那么这里博主先安利一下一些干货满满的专栏啦!

手撕数据结构https://blog.csdn.net/yu_cblog/category_11490888.html?spm=1001.2014.3001.5482这里包含了博主很多的数据结构学习上的总结,每一篇都是超级用心编写的,有兴趣的伙伴们都支持一下吧!
算法专栏https://blog.csdn.net/yu_cblog/category_11464817.html这里是STL源码剖析专栏,这个专栏将会持续更新STL各种容器的模拟实现。

STL源码剖析https://blog.csdn.net/yu_cblog/category_11983210.html?spm=1001.2014.3001.5482


Bitmap and Bloom filters

bitmap

Bitmap (Bitmap) generally refers to a data structure or technology that uses bits as the smallest unit to store and process data. Bitmaps can be used to represent a set of binary flags or bit states, and can efficiently store large amounts of Boolean information compressed.

One of the most common uses of bitmaps is to represent the state of a collection or flag. For example, a bitmap can be used to represent a collection of elements, where each element corresponds to a bit in the bitmap. If the value of the bit is 1, it means that the element is in the set; if the value of the bit is 0, it means that the element is not in the set.

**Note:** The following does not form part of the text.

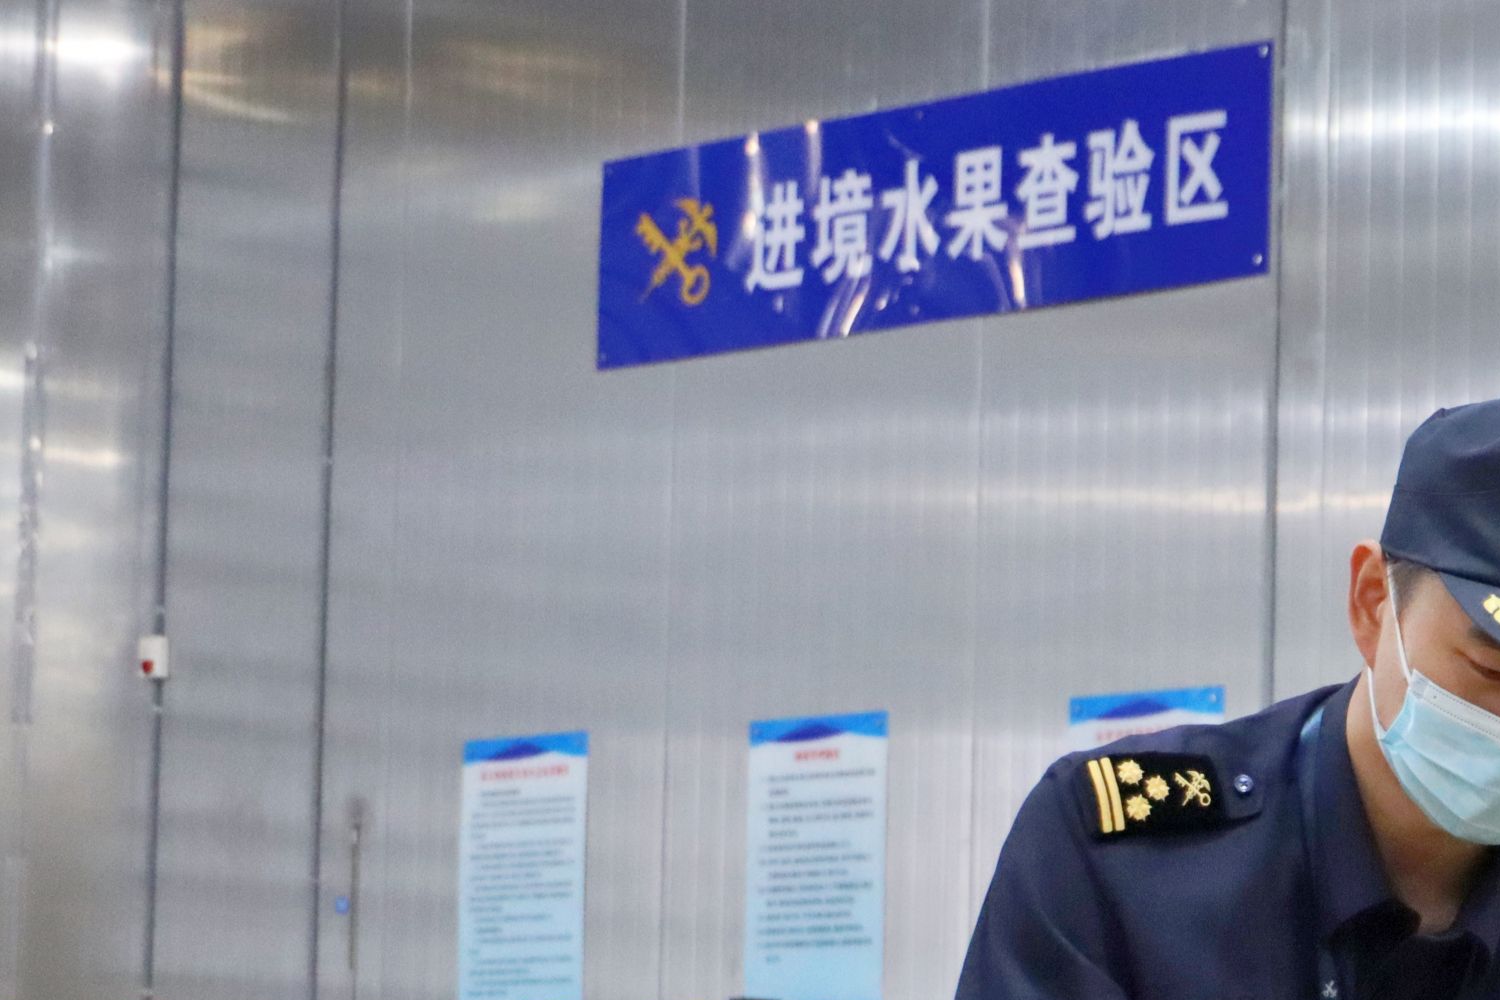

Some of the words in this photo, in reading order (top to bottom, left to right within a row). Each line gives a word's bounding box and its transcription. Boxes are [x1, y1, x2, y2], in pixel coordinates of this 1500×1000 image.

[745, 110, 1229, 293] 进境水果查验区

In C language, you can use unsigned integer types (eg unsigned int, unsigned long) or arrays to implement bitmaps.

bloom filter

Bloom Filter is a probabilistic data structure for efficiently judging whether an element belongs to a set. It is based on the concept of a bitmap (Bitmap), but uses multiple hash functions to achieve higher lookup efficiency.

A Bloom filter consists of a bit array and several hash functions. Initially, all bit array values ​​are set to 0. When an element is to be inserted into the Bloom filter, the element is calculated by multiple hash functions to obtain multiple hash values. Then set the corresponding bit array position to 1. When it is necessary to determine whether an element is in the set, it is also calculated through multiple hash functions to check whether the corresponding bit array positions are all 1. If any bit is 0, it can be determined that the element is not in the set; if all bits are 1, it means that the element may be in the set (there is a probability of misjudgment).

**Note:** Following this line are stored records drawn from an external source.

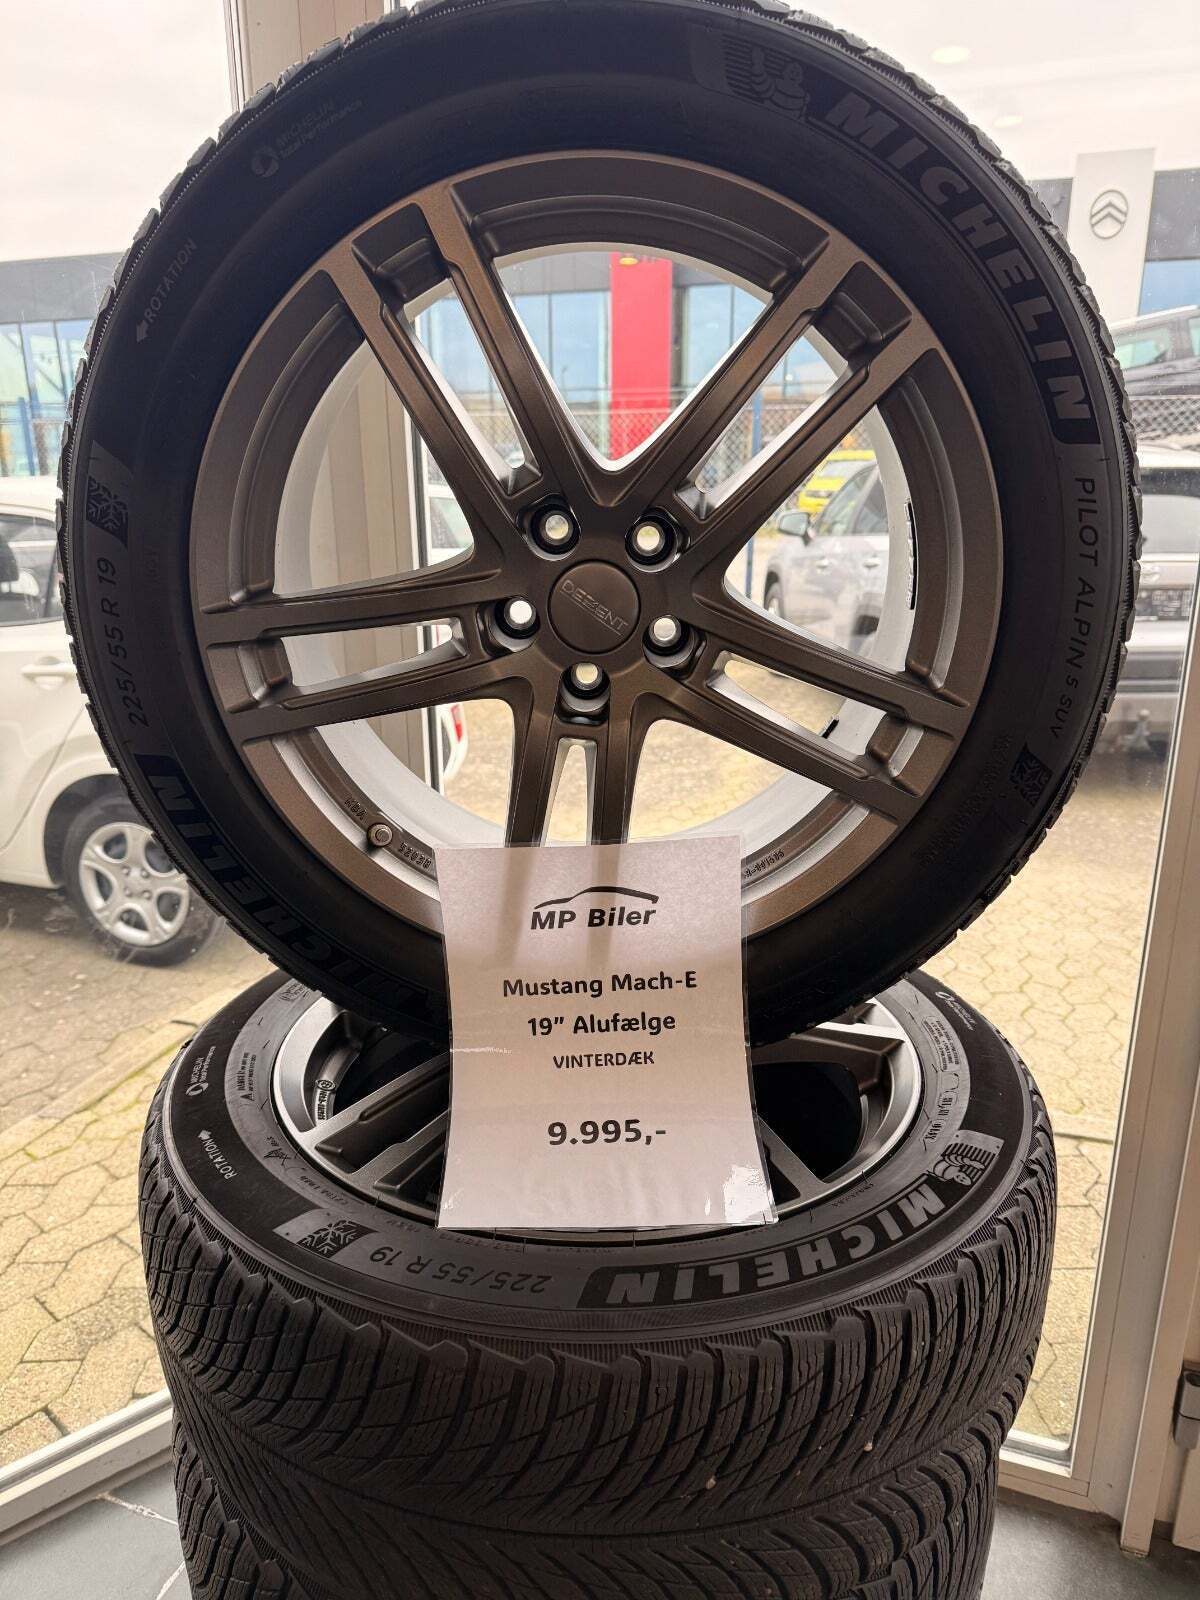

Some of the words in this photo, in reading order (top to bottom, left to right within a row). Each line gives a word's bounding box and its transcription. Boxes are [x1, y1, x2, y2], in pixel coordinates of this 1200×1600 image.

[825, 92, 1091, 419] MICHELIN
[144, 237, 198, 323] ROTATION
[1075, 477, 1098, 566] PILOT
[96, 557, 116, 586] 19
[101, 597, 120, 618] R
[561, 579, 629, 631] DEZENT
[1065, 576, 1096, 669] ALPIN
[104, 624, 149, 727] 225/55
[1065, 674, 1079, 688] 5
[1050, 694, 1072, 738] SUV
[147, 775, 418, 1012] MICHELIN
[531, 910, 576, 930] MP
[588, 907, 656, 927] Biler
[503, 978, 603, 998] Mustang
[611, 971, 698, 991] Mach-E
[573, 1012, 676, 1035] Alufælge
[553, 1051, 655, 1069] VINTERDÆK
[547, 1118, 667, 1146] 9.995,-
[202, 1137, 239, 1180] ROTATION
[369, 1246, 402, 1266] 19
[606, 1184, 946, 1304] MICHELIN
[406, 1255, 432, 1275] R
[432, 1262, 552, 1293] 225/55

The main advantage of Bloom filters is their efficient insertion and query operations. Its time complexity is O(k), where k is the number of hash functions, usually a small constant. The space complexity of Bloom filters is also relatively low, only affected by the size of the bit array and the number of hash functions.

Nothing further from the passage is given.